On July 20, UCSF campus social workers marched on our department leadership to deliver a petition and draw attention to the growing turnover and inequity that is impacting services and the vulnerable clients who depend on us. You can read the petition we delivered by clicking here.

Our divisions serve San Francisco's most marginalized identities–engaging clients across categories of race, gender, sexual orientation, ethnicity, country of origin, and class who are often excluded or underserved by other systems of care. Inadequate compensation for these social workers only deepens disparities in services that these clients receive.

Check out a video recapping the action on Instagram, Facebook, and Twitter. Please be sure to like and share to help us spread the word.

Sometimes, a social worker is the only person in someone's life who they can trust. Retaining our exceptional staff is not a luxury but a necessity. When UCSF doesn't retain staff, or when workers are holding down multiple jobs just to get by, it's our clients who ultimately suffer—and the people we serve often belong to San Francisco's most vulnerable communities.

"A lot of my colleagues have to work second or even third jobs just to be able to afford to stay here and keep doing this work. We do what we do because we care about our clients, we love the work, and we want to be able to keep doing this. We just want to be able to be here for our clients and also have it be stable," said David, a clinical social worker who has worked at UCSF for nearly ten years.

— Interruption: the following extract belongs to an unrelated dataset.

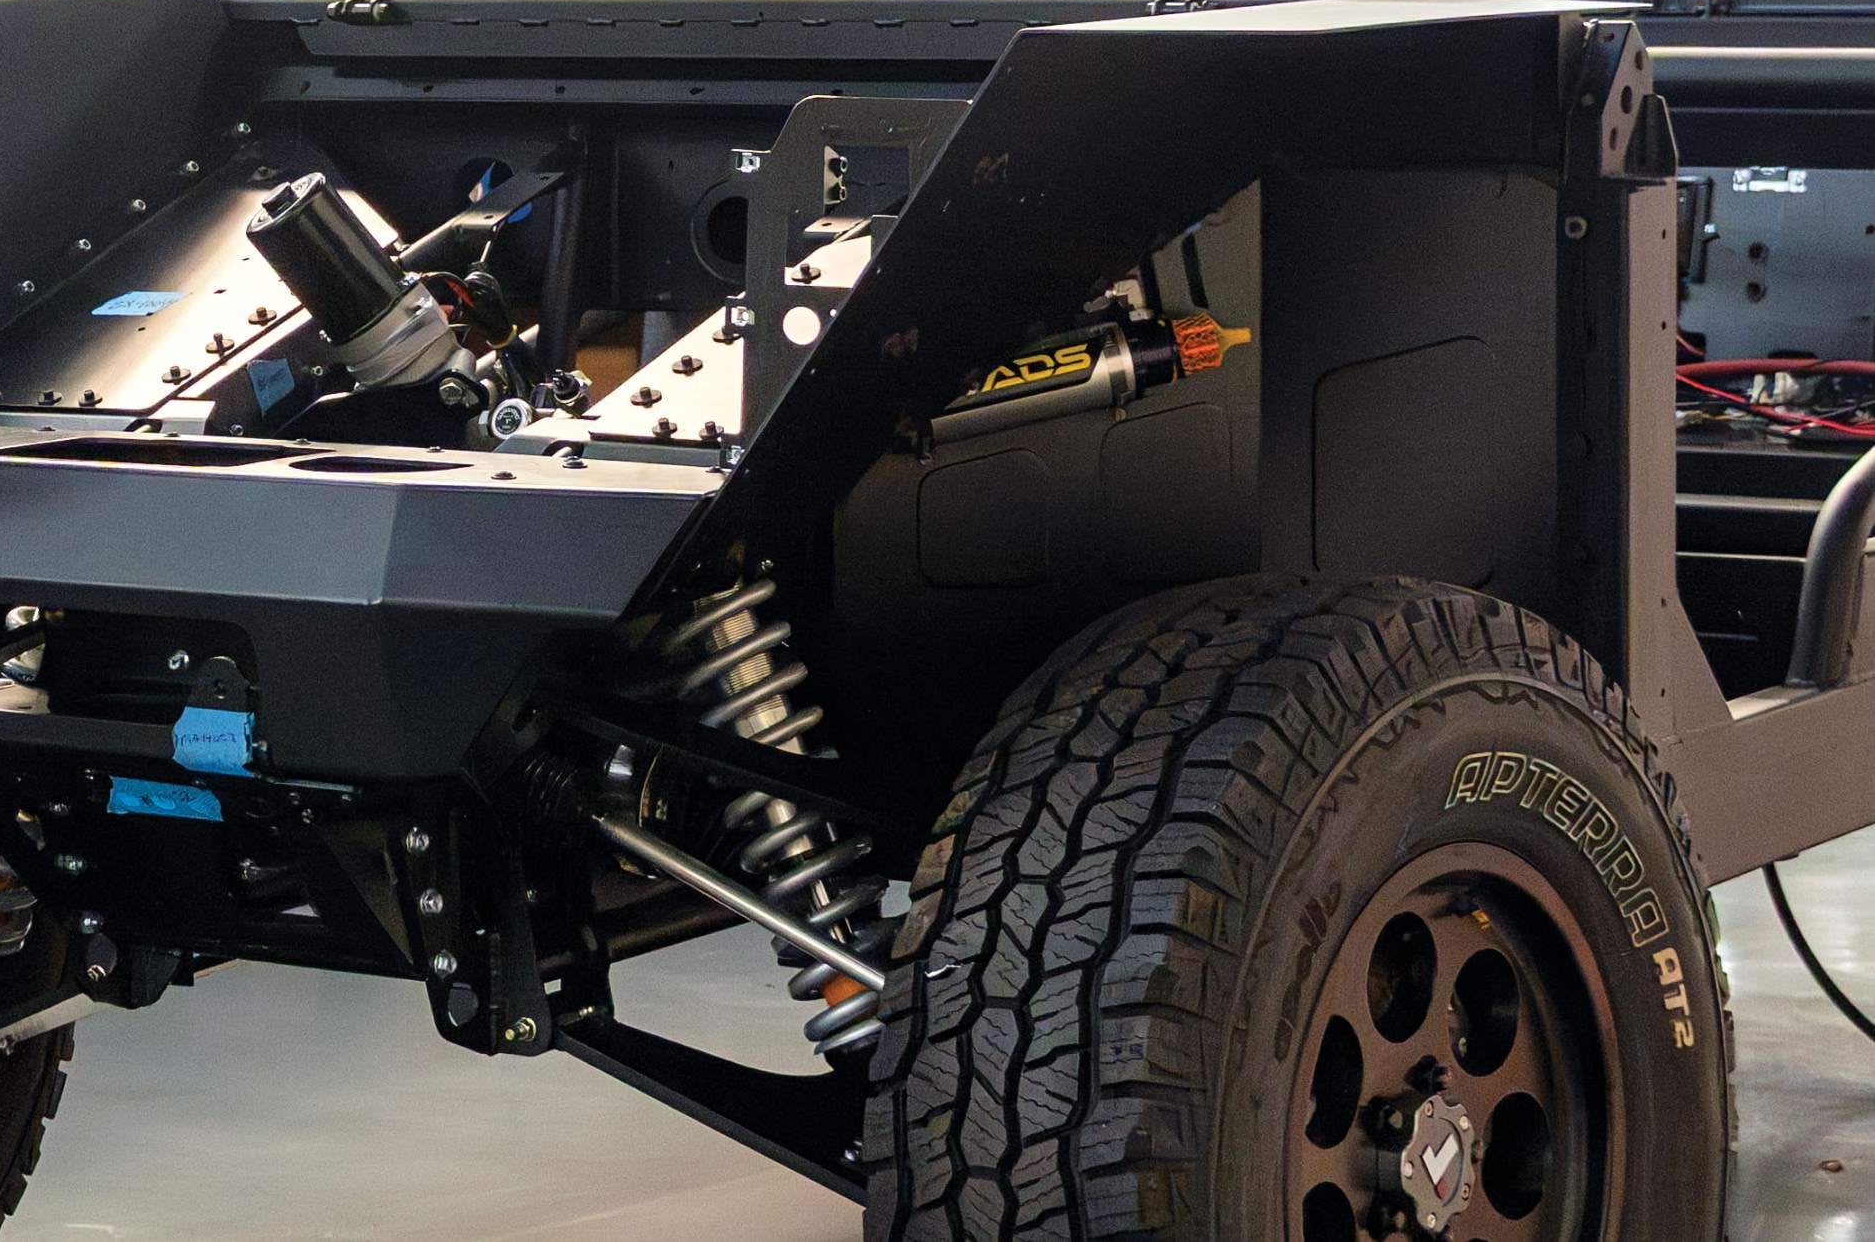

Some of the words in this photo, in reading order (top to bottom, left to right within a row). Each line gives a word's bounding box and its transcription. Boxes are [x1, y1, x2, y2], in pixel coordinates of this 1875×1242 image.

In a time when UCSF has justly highlighted the importance of responding to a national call for a racial reckoning and the destructiveness of anti-LGBTQIA+ attacks, it is unacceptable that the clinicians who attend those populations for UCSF are so egregiously underpaid compared to our fellow social workers at UCSF Health hospitals and clinics. The UCSF Health medical centers serve patients with, on average, significantly more means and identities of privilege than the clients at our campus-based clinics.

Our clinicians are bright, skilled, conscientious and compassionate people who aim to make the world a safer and more loving place, and we are the reason why UCSF's Department of Psychiatry ZSFG divisions have gained their outstanding reputations.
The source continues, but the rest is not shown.